[Record set — start]
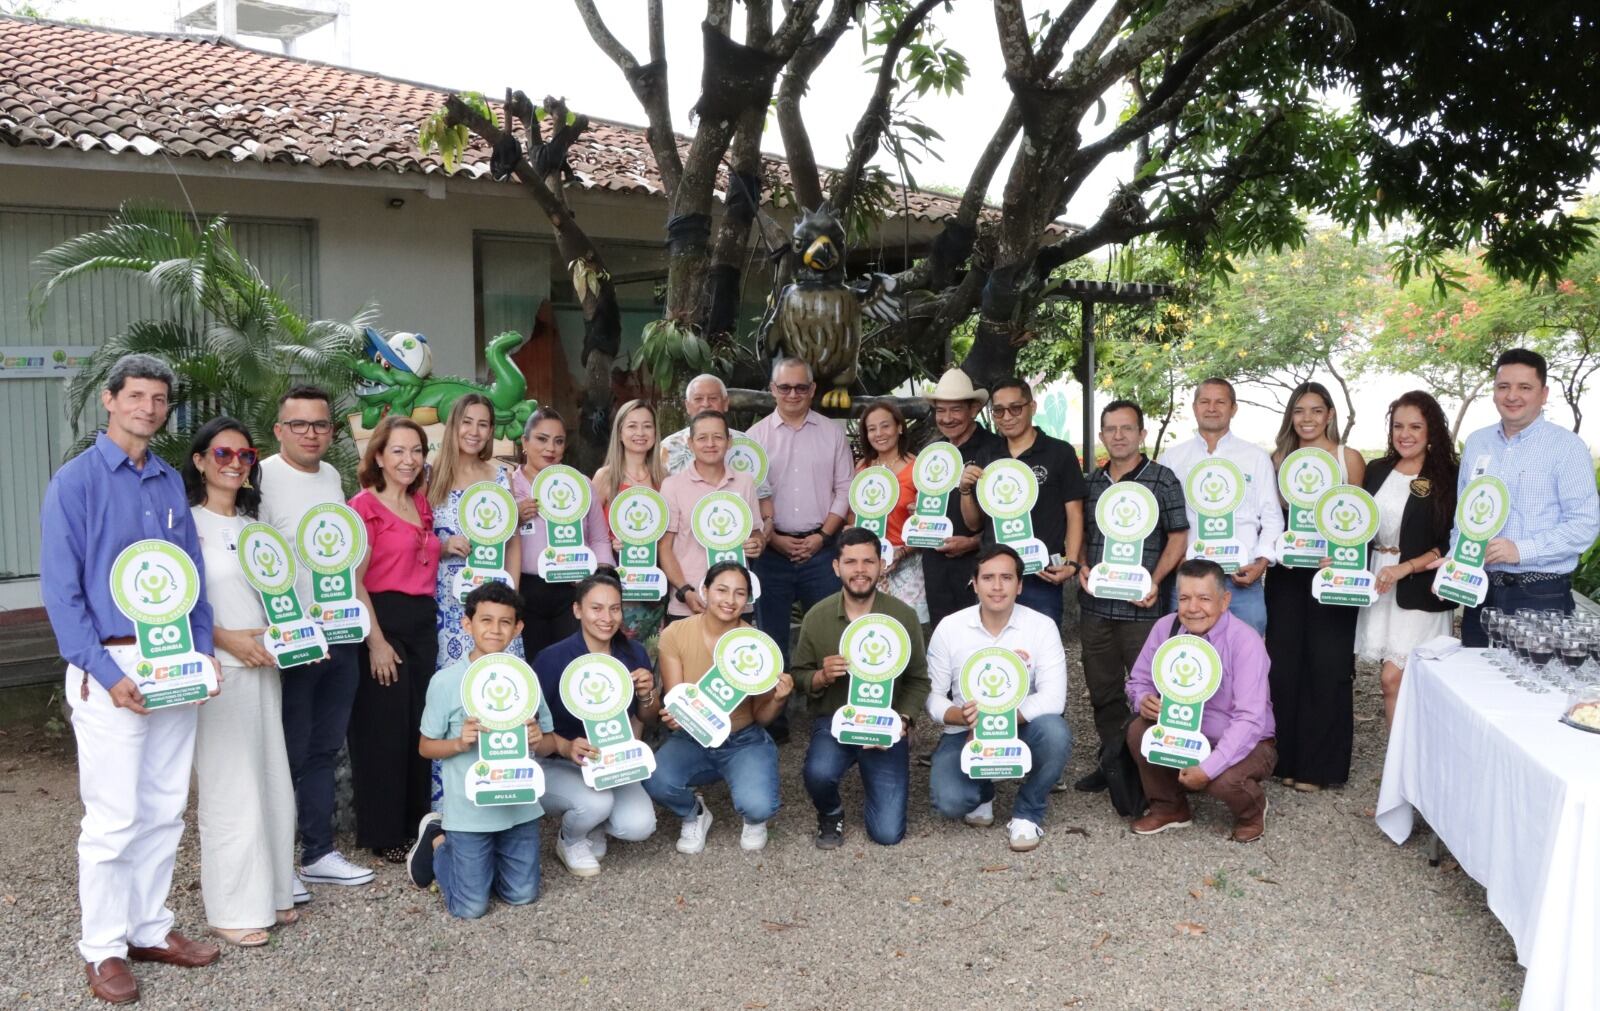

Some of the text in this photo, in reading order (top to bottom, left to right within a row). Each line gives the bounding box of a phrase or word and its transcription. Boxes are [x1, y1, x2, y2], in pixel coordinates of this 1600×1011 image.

[922, 497, 941, 509] CO
[554, 525, 576, 539] CO
[919, 521, 947, 531] cam
[1002, 520, 1024, 534] CO
[1204, 518, 1228, 532] CO
[474, 546, 498, 560] CO
[627, 547, 649, 559] CO
[1111, 543, 1135, 557] CO
[1205, 546, 1239, 555] cam
[1334, 548, 1359, 561] CO
[1461, 540, 1481, 557] CO
[556, 553, 589, 562] cam
[626, 572, 660, 583] cam
[1108, 571, 1144, 582] cam
[1333, 576, 1370, 587] cam
[1453, 570, 1483, 586] cam
[320, 576, 345, 592] CO
[271, 596, 294, 613] CO
[323, 607, 360, 620] cam
[148, 625, 181, 645] CO
[282, 626, 315, 642] cam
[151, 644, 182, 653] COLOMBIA
[155, 661, 203, 680] cam
[710, 678, 735, 701] CO
[858, 683, 884, 698] CO
[691, 700, 726, 730] cam
[1168, 704, 1194, 721] CO
[855, 714, 894, 726] cam
[982, 715, 1008, 731] CO
[595, 720, 622, 737] CO
[488, 732, 518, 749] CO
[1163, 735, 1202, 750] cam
[603, 747, 642, 765] cam
[983, 747, 1022, 757] cam
[490, 767, 534, 780] cam
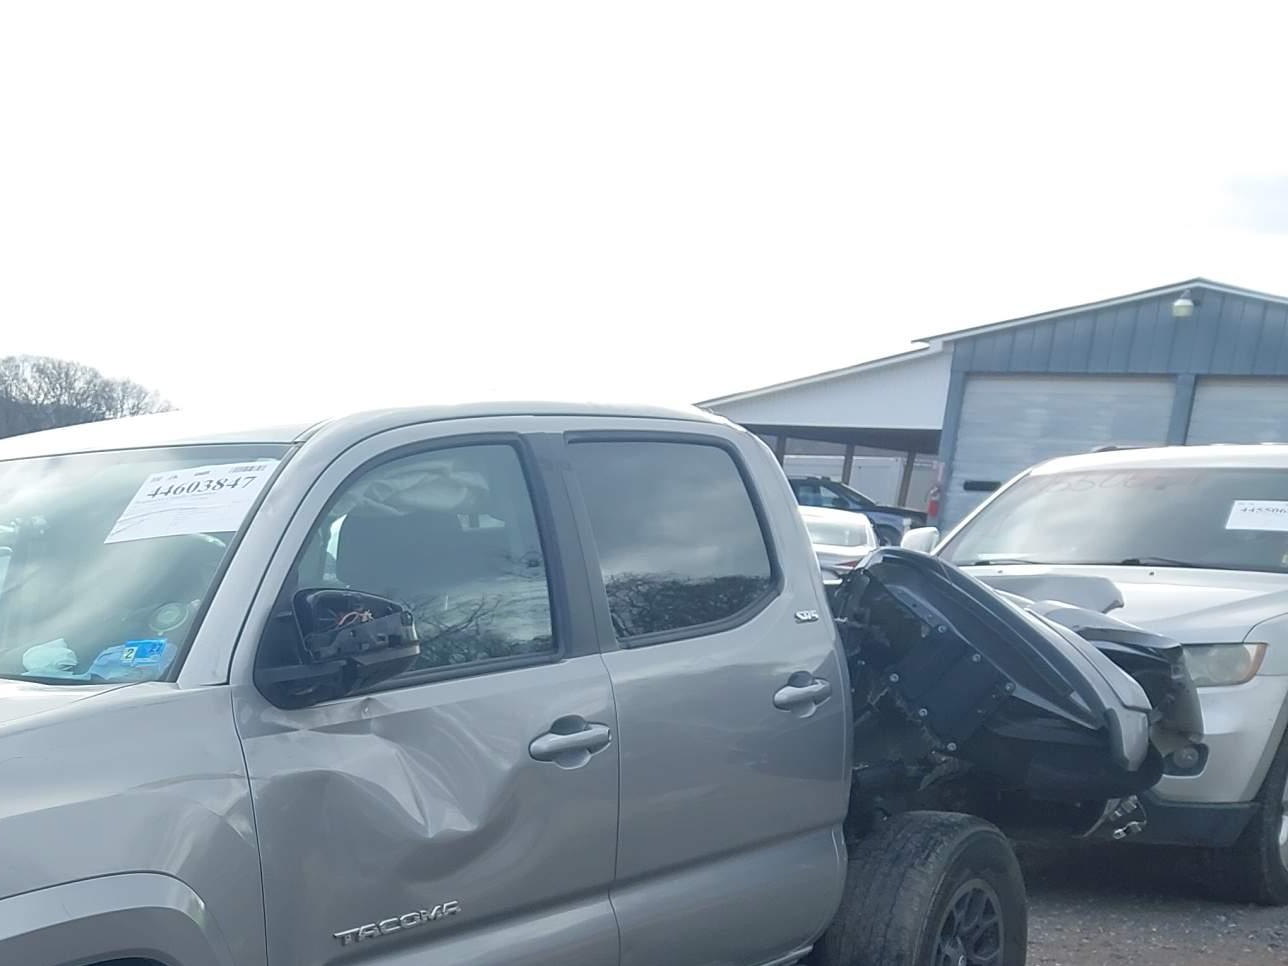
[Record set — finish]
* _Task item_:
For every line above, produce an exact transcription that omits the images.

* _Written answer_:
Some of the text in this photo, in reading order (top to bottom, left to right within a row). Each line gives the bounding box of a phrase or word and its transcription. Boxes are [x1, y1, x2, y2], in pixel coordinates of this 1600×1011 image.

[922, 497, 941, 509] CO
[554, 525, 576, 539] CO
[919, 521, 947, 531] cam
[1002, 520, 1024, 534] CO
[1204, 518, 1228, 532] CO
[474, 546, 498, 560] CO
[627, 547, 649, 559] CO
[1111, 543, 1135, 557] CO
[1205, 546, 1239, 555] cam
[1334, 548, 1359, 561] CO
[1461, 540, 1481, 557] CO
[556, 553, 589, 562] cam
[626, 572, 660, 583] cam
[1108, 571, 1144, 582] cam
[1333, 576, 1370, 587] cam
[1453, 570, 1483, 586] cam
[320, 576, 345, 592] CO
[271, 596, 294, 613] CO
[323, 607, 360, 620] cam
[148, 625, 181, 645] CO
[282, 626, 315, 642] cam
[151, 644, 182, 653] COLOMBIA
[155, 661, 203, 680] cam
[710, 678, 735, 701] CO
[858, 683, 884, 698] CO
[691, 700, 726, 730] cam
[1168, 704, 1194, 721] CO
[855, 714, 894, 726] cam
[982, 715, 1008, 731] CO
[595, 720, 622, 737] CO
[488, 732, 518, 749] CO
[1163, 735, 1202, 750] cam
[603, 747, 642, 765] cam
[983, 747, 1022, 757] cam
[490, 767, 534, 780] cam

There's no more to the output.